Sitting down to eat breakfast with Alabama High School Coaches Hall of Fame member, Ivan Jones, 81, coach of the most famous Foley Lion, Kenny Stabler, attention is drawn to the walls where the past gridiron heroes' photos of the 1950s and 1960s are prominently displayed. Memories of former great Lion football players come alive during the discourse as the inevitable comparisons are pondered. Competitiveness is the common thread weaving through the conversation as Julio and Snake are compared. "He (Stabler) had a lot of God-given talent and he was so competitive, "said Ivan Jones. "Somebody said if he was playing marbles, he wanted to win. Both (Stabler and Jones) are so competitive." As an observer of Baldwin County football for 50 years, Ivan Jones proclaims, "Julio is probably the best as far as a receiver I've ever seen in high school. He has great hands, speed, strength and jumping ability. I've seen him catch line drive kick-offs with one hand."

Foley has a great tradition of celebrating their heroes as radio station WHEP's Clark Stewart recalls, "My Dad (the late Jim Stewart) called games for Foley High School back when Snake Stabler played. Back then he called the games from the cab of an old pickup truck that used to sit behind the home stands."

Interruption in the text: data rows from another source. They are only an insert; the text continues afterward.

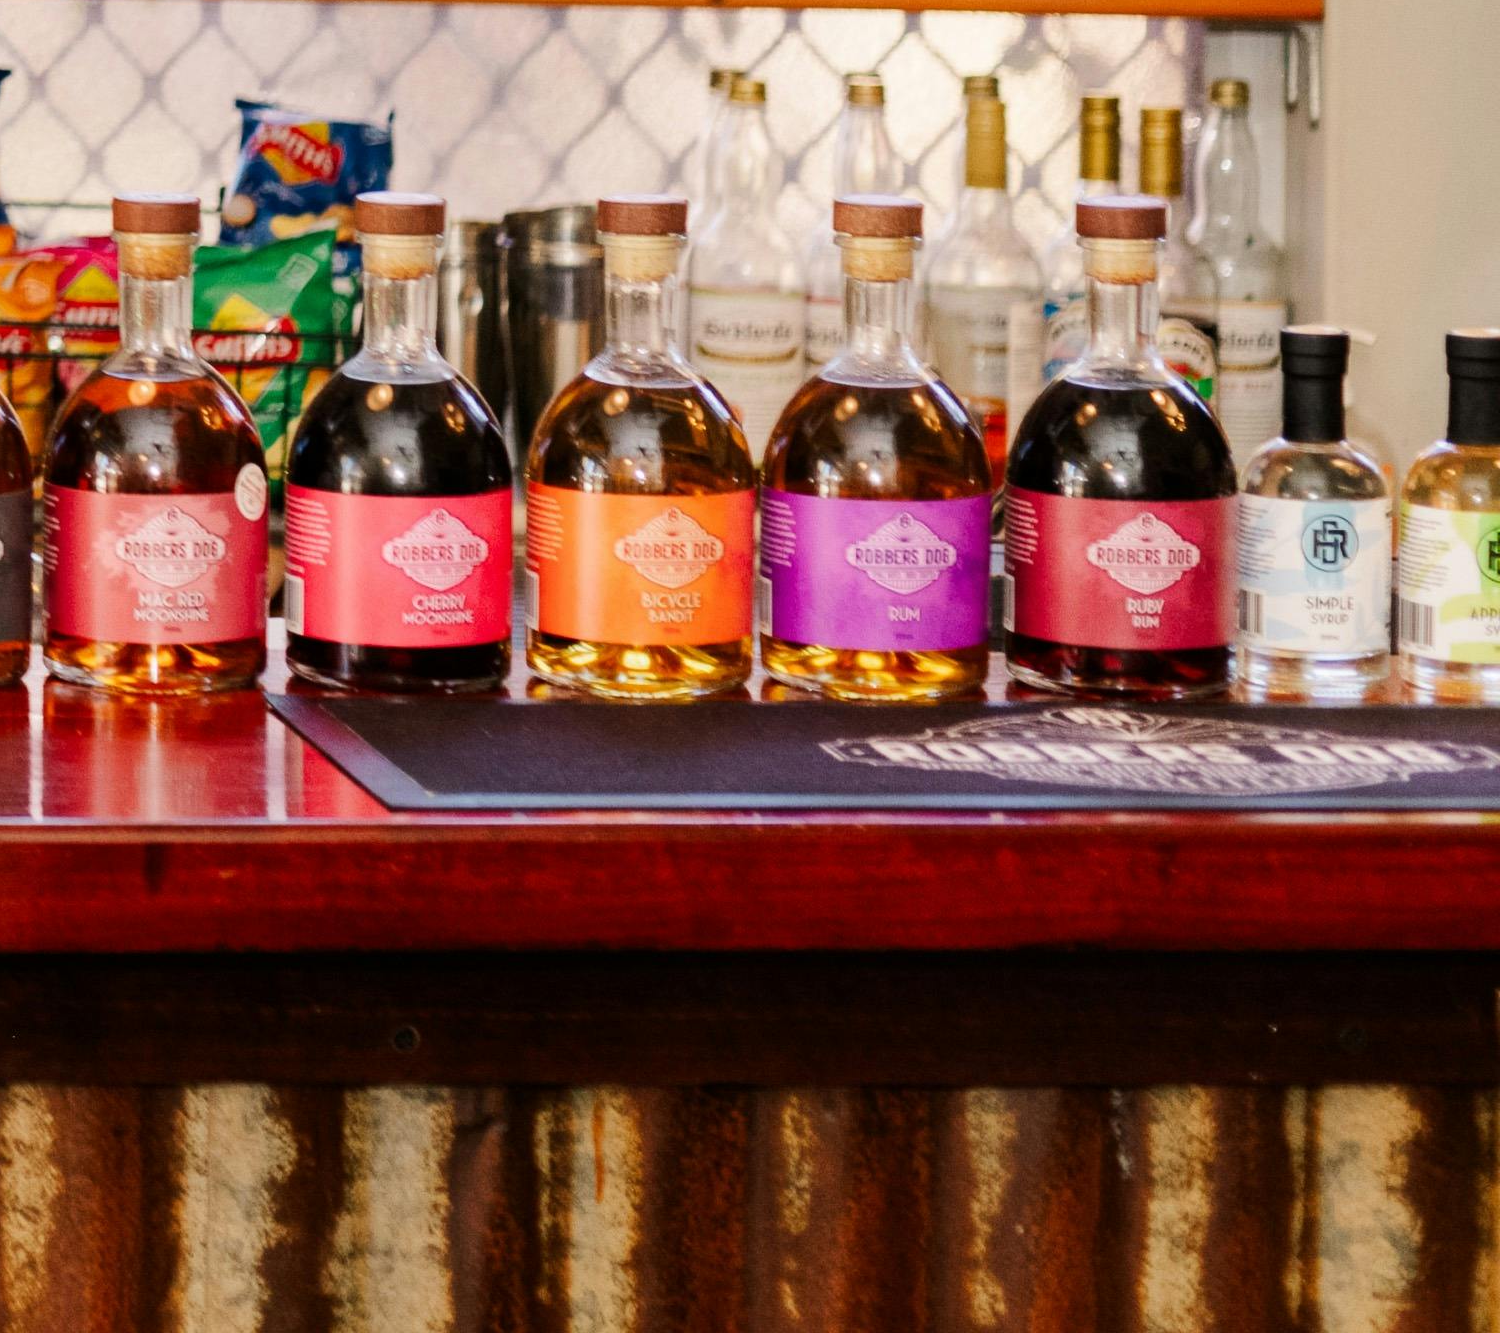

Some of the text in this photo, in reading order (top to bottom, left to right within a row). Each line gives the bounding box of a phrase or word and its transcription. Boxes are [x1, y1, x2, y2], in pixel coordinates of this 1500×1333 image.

[123, 540, 219, 559] ROBBERS DOG
[392, 542, 483, 562] ROBBERS DOG
[622, 541, 718, 560] ROBBERS DOG
[854, 547, 951, 566] ROBBERS DOG
[1096, 547, 1194, 566] ROBBERS DOG
[137, 591, 206, 608] MAC RED
[411, 593, 467, 611] CHERRY
[640, 590, 702, 609] BICYCLE
[1124, 597, 1165, 615] RUBY
[1306, 595, 1356, 611] SIMPLE
[132, 606, 210, 623] MOONSHINE
[401, 609, 476, 625] MOONSHINE
[648, 608, 695, 624] BANDIT
[887, 604, 922, 623] RUM
[1310, 611, 1350, 625] SYRUP
[1470, 607, 1500, 621] APP
[870, 740, 1452, 767] ROBBERS DOG

Stewart, broadcaster of Foley High School football who has watched Julio play since he was a freshman, believes he's been in rarefied air to have witnessed such feats. "I have seen him do things as have Foley fans and fans of other teams that frankly I've never seen a football player do at any level," Stewart said. "He's just incredible. Having seen some terrific players come out of the Baldwin County and Mobile areas such as Lectron Williams, Tee Martin, JaMarcus Russell and Herbert Casey, there is no question in my mind he is the most phenomenal high school player I've ever seen. He is unbelievable what he can do with a football and he's a humble kid."